The finding that the 100 mL rate was insufficient highlights a critical consideration for agricultural UAV deployment: dosage calibration. The optimal rate for ULV application may not be a simple linear reduction from high-volume rates. Factors such as droplet size, adjuvant use, flight altitude, and weather conditions interact to influence final deposition. The relationship between the applied rate ($R_a$), the concentration in the tank ($C_t$), and the spray volume ($Q$) is fundamental:
$$R_a = C_t \times Q$$
For an agricultural UAV using ULV, $Q$ is very small, so $C_t$ must be correspondingly high to deliver the necessary active ingredient per unit area. This requires precise calibration and high-quality spraying systems to prevent nozzle clogging and ensure accurate metering.
Furthermore, the aerodynamic effect of the UAV’s rotors creates a downward air current that pushes droplets into the crop canopy, potentially improving coverage on the lower leaves and stems where weeds germinate. This is an advantage over traditional sprayers that rely primarily on droplet ballistic trajectories. The airflow can be approximated as a function of rotor thrust, which aids in droplet transport and deposition stability even in mild, unfavorable wind conditions.
Conclusion and Future Perspectives
This comparative field trial provides compelling evidence that agricultural UAV technology is a viable and highly efficient tool for herbicide application in direct-seeded rice. The key conclusion is that an agricultural UAV applying 40% cyhalofop-butyl OD at 120 mL per 667 m² can deliver grass weed control efficacy statistically on par with a conventional knapsack power sprayer applying 150-200 mL of the same herbicide, while simultaneously reducing water consumption by 96.7%. This represents a major stride towards precision agriculture, enhancing resource-use efficiency and environmental stewardship.
The successful deployment of an agricultural UAV hinges on several factors: proper calibration to determine the minimum effective dosage for the target weeds, selection of appropriate nozzles and adjuvants to optimize droplet spectrum and deposition, and operation within suitable meteorological windows to minimize drift.
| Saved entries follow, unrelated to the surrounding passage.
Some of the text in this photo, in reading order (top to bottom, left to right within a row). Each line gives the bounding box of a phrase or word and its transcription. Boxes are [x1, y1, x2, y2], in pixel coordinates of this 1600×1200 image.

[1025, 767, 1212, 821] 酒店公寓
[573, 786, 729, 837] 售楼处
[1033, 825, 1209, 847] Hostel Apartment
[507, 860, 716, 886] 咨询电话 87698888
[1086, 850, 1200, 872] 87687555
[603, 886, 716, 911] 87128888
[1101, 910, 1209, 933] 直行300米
Future research should focus on integrating agricultural UAV spraying with other technologies, such as remote sensing for weed mapping to enable variable-rate, spot-application strategies. This would further optimize herbicide use, reduce input costs, and delay herbicide resistance evolution.
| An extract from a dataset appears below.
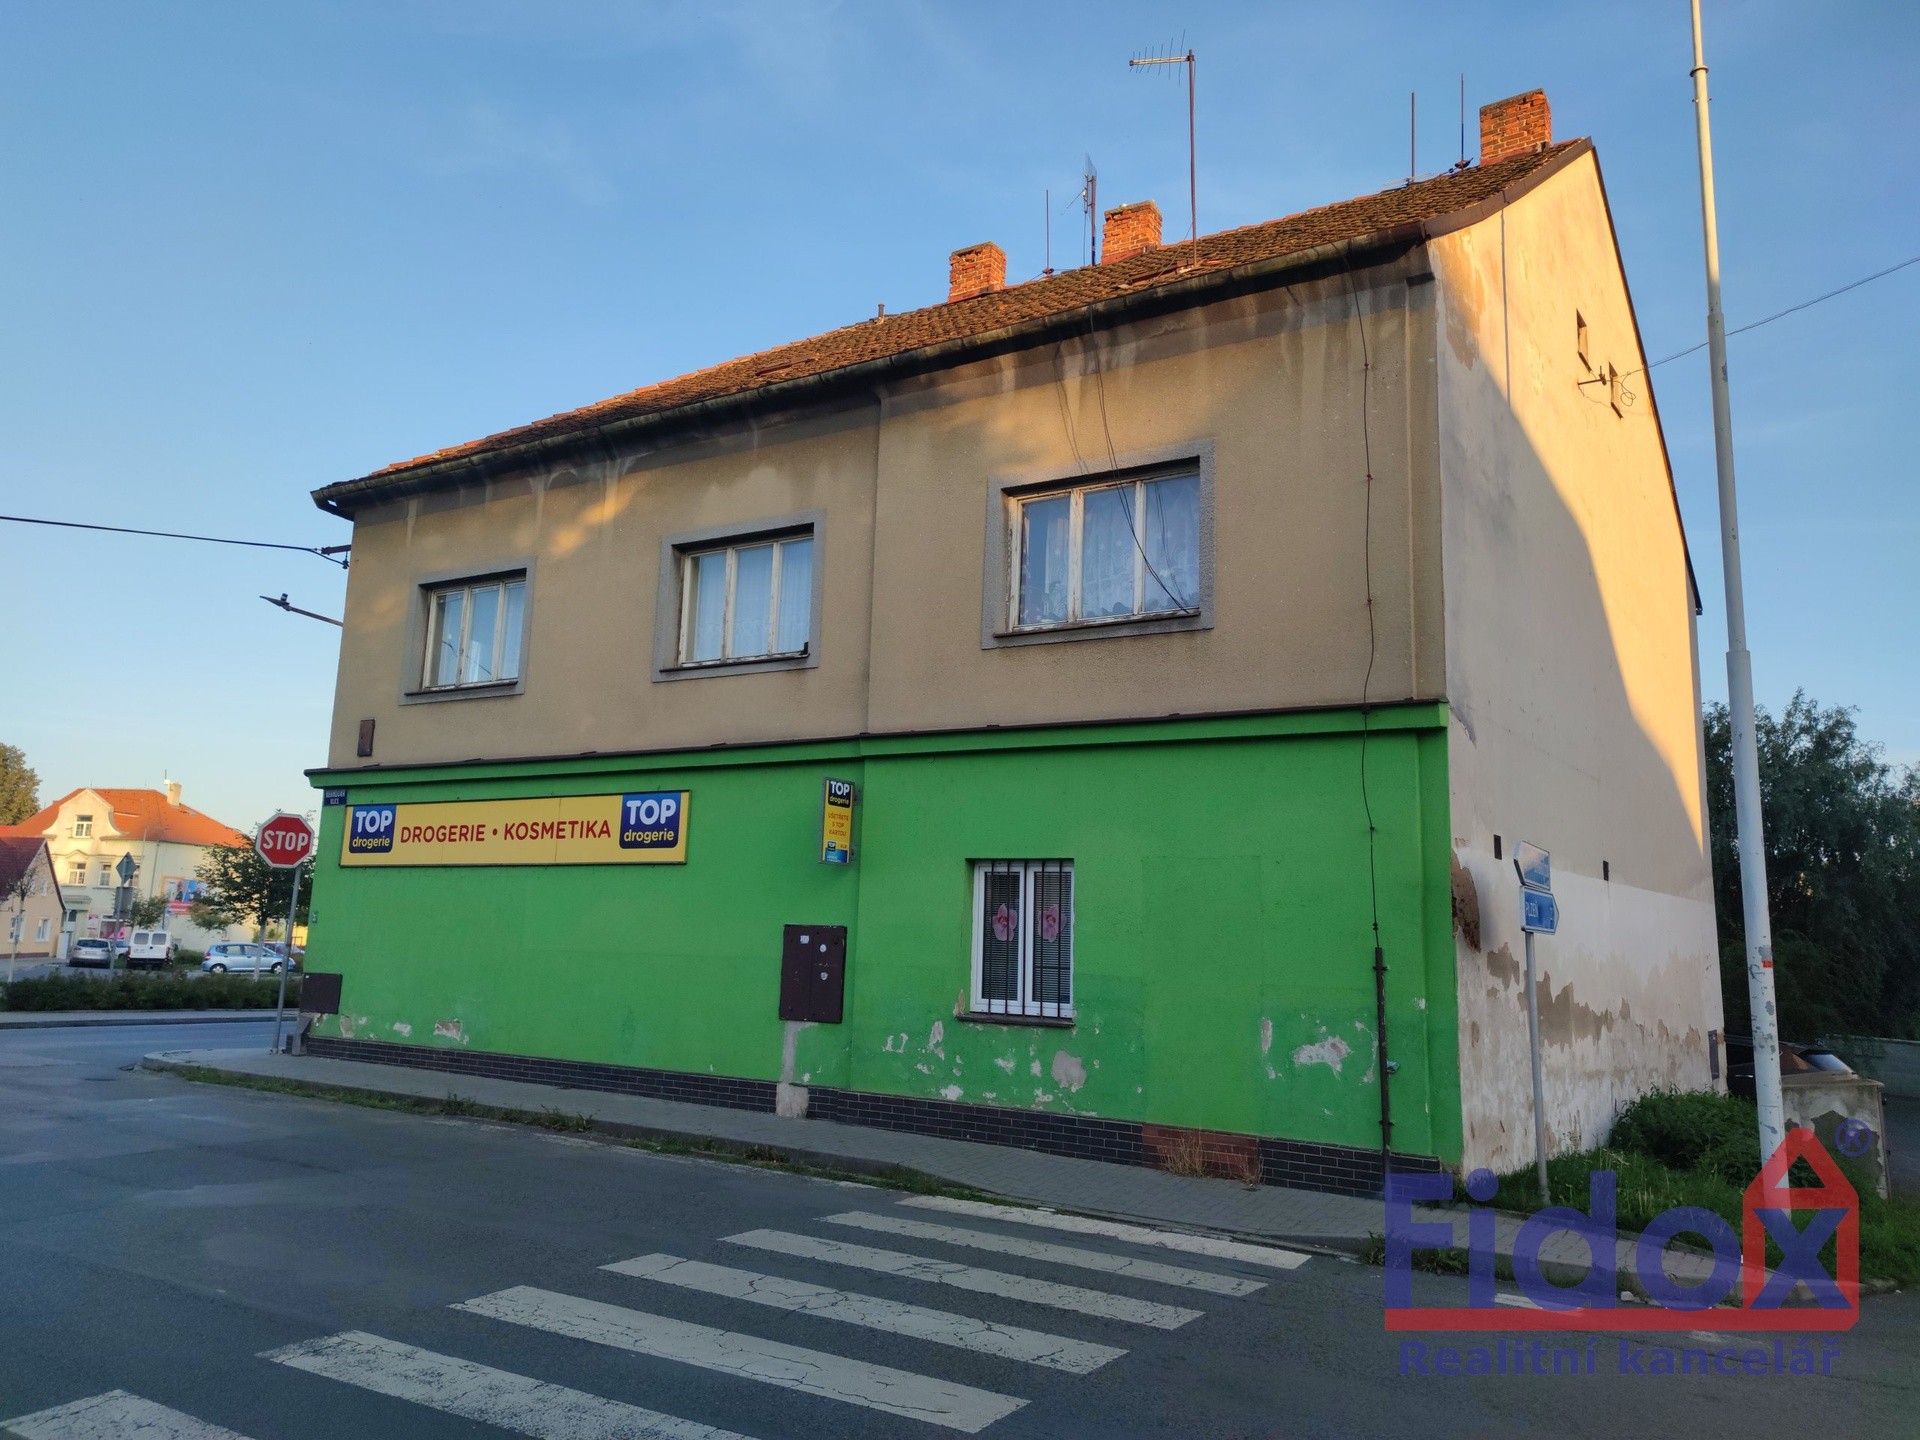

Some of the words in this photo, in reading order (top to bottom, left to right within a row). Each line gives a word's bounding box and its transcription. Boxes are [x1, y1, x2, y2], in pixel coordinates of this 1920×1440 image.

In summary, the agricultural UAV is more than just a novel gadget; it is a transformative platform for precise crop protection. Its ability to apply agrochemicals uniformly at ultra-low volumes offers a sustainable pathway to effective weed management, reducing the environmental footprint of rice cultivation while maintaining high standards of efficacy and crop safety.